La police des polices regrette de ne pas avoir été saisie juste après les faits dans la nuit du 23 avril 2014
«Nous avons cherché à déterminer ce qu’il s’est passé dans les locaux de la BRI et nous avons cherché durant plusieurs années. » A la barre, la commissaire Nathalie Chaux a passé plusieurs heures, mardi, à expliquer et à défendre le travail des agents de l’IGPN (Inspection générale de la police nationale). La police des polices avait été saisie le 23 avril 2014, à 5h59, après qu’Emily S., une touriste canadienne de 38 ans, a déposé plainte. Elle affirmait avoir été violée durant la nuit par plusieurs membres de l’antigang, dans leurs bureaux situés au cinquième étage du 36, quai des Orfèvres. Soit quatre heures après les faits.
Pas d’interprète disponible
Ce matin-là, les «boeufs-carottes» arrivent au « 36 » à 7 h 50, raconte Nathalie Chaux. Ils sont immédiatement informés que les suspects sont rentrés chez eux. Vingt-cinq minutes plus tard, la plaignante est entendue par les enquêteurs pour la première fois. Une audition « assez brève », observe-t-elle. Emily S. parle « difficilement français » et les policiers n’ont pas trouvé d’interprète disponible immédiatement. Elle leur raconte avoir passé la soirée dans un pub près du « 36 ». Une dizaine de policiers l’ont draguée et l’un d’eux lui a proposé d’aller visiter leurs locaux. Une fois arrivés dans un des bureaux de la BRI, l’un des accusés « l’a incitée à boire », poursuit Nathalie Chaux. Soudain, Emily S. « s’est retrouvée à genoux, avec le sexe » de ce policier dans la bouche. Un autre individu est ensuite entré dans la pièce, lui a retiré ses vêtements, a collé son visage contre un bureau et l’a pénétrée. Avant de partir, elle dit avoir été violée une nouvelle fois par des hommes dont elle ignore l’identité.

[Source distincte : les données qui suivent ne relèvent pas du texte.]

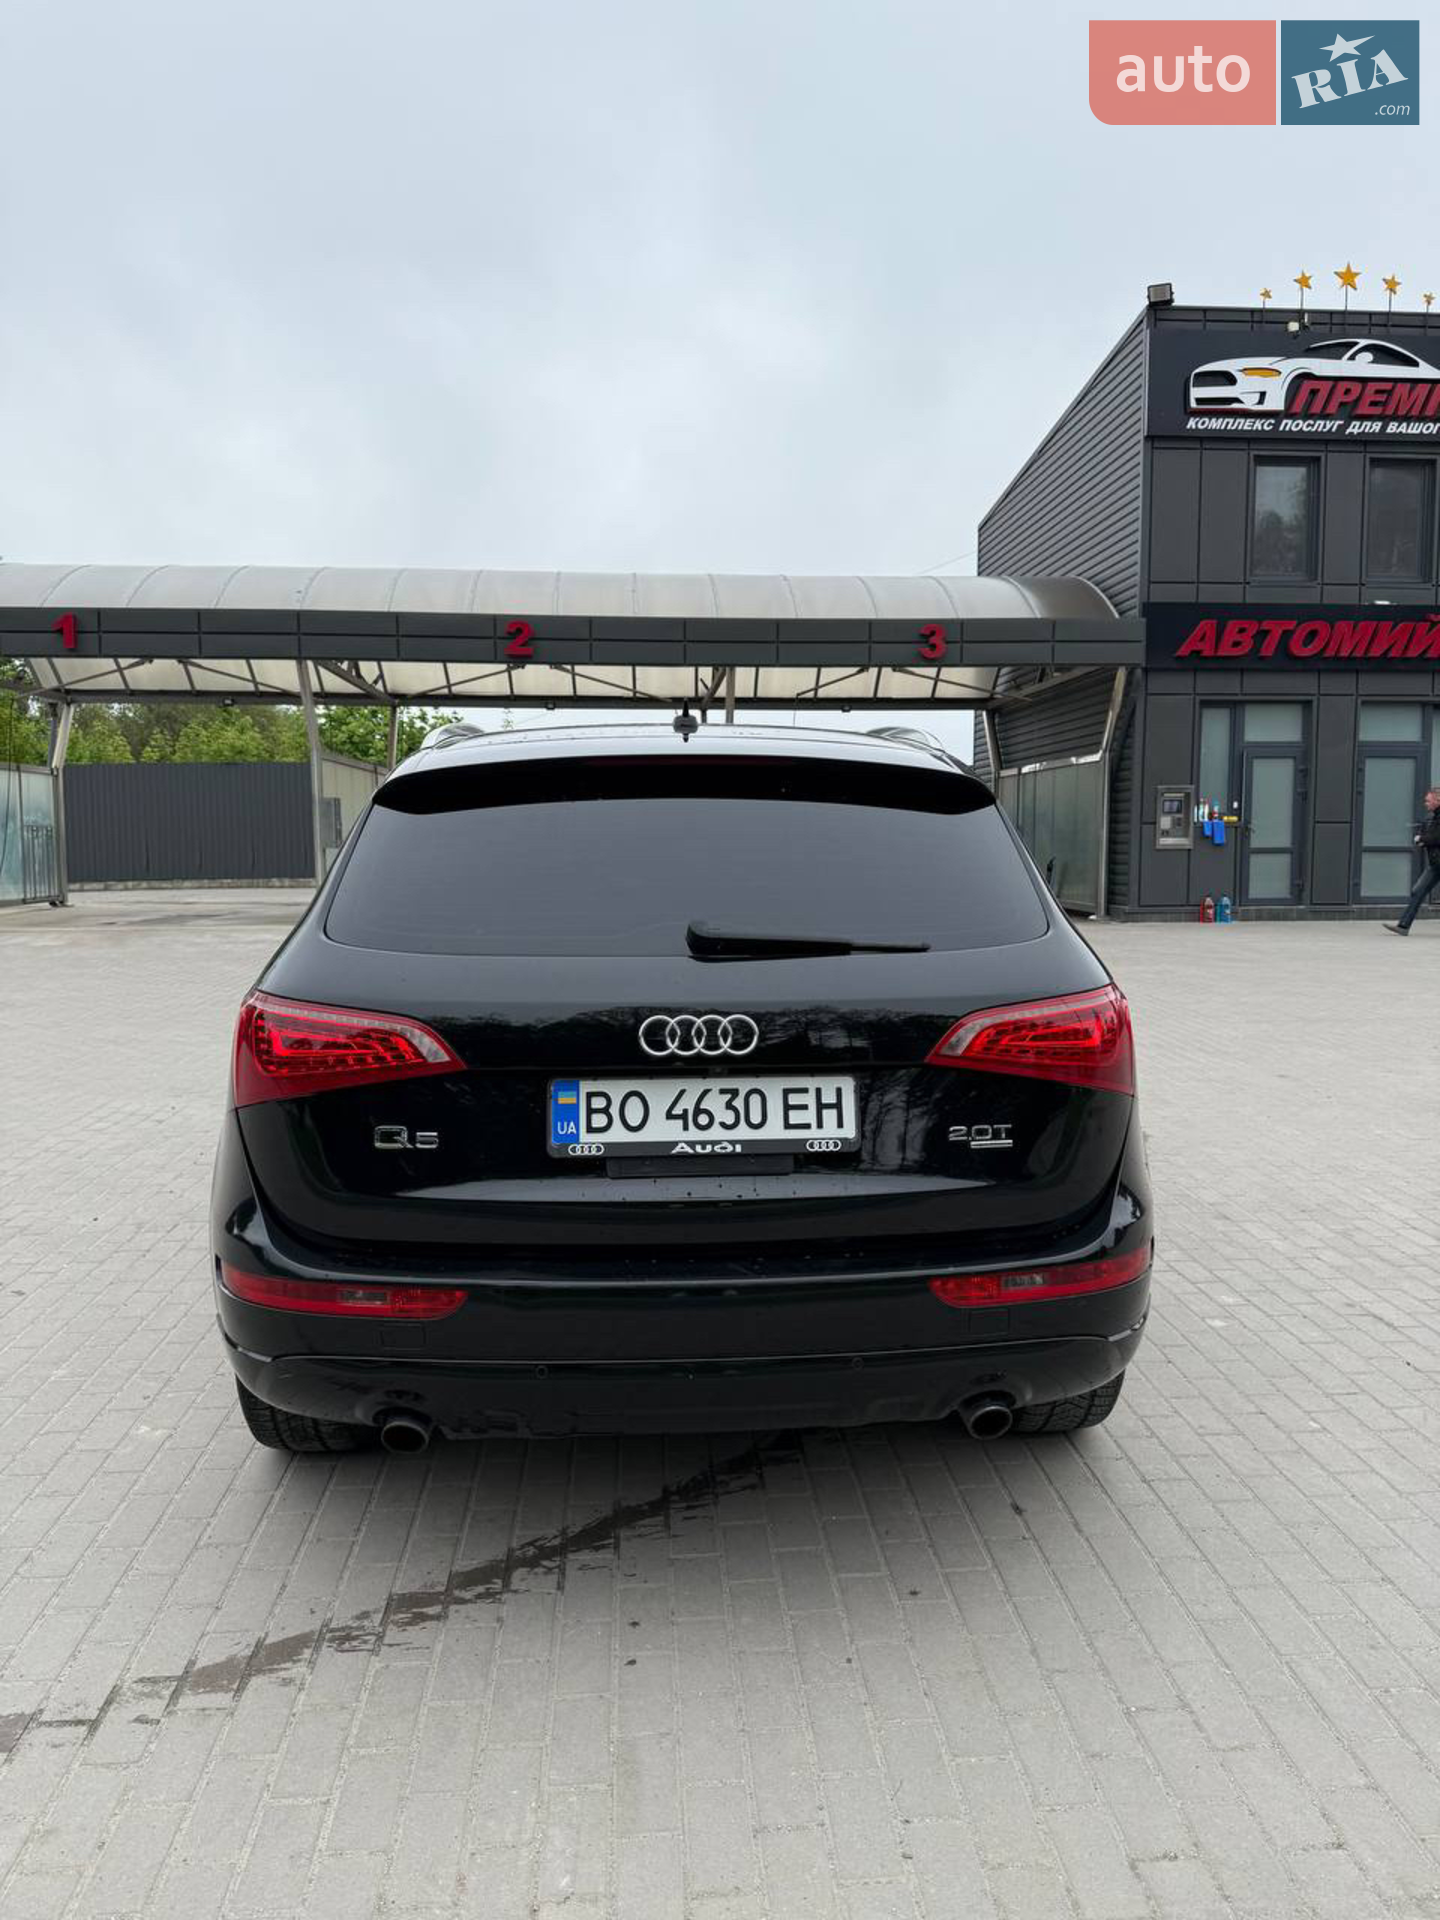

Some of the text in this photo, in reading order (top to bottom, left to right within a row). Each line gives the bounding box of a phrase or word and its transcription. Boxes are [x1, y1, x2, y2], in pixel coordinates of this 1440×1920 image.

Les enquêteurs de l’IGPN placent son string sous scellés tandis qu’elle est conduite à l’Institut médico-légal. Le médecin a évalué l’incapacité temporaire de travail à deux jours. Les «boeufs-carottes» vont ensuite auditionner les gardiens de la paix qui assuraient la sécurité du «36» ce soir-là. Selon eux, la touriste canadienne souriait, semblait «contente d’être là », indique à la cour la commissaire Chaux. Celle-ci regrette qu’on ne lui ait pas confié l’affaire immédiatement après les faits. Elle aurait envoyé tout de suite des agents afin de « préserver les lieux ». Les enquêteurs de l’IGPN n’ont en effet jamais retrouvé les collants de la plaignante. La commissaire Chaux aurait aussi voulu entendre plus rapidement les deux suspects, les soumettre à un test d’alcoolémie.
« Les heures perdues ont été préjudiciables » pour l’enquête, jure-t-elle. Ce mercredi, la cour entendra Emily S. Le procès doit se tenir jusqu’au 1er février. Les accusés encourent vingt ans de prison.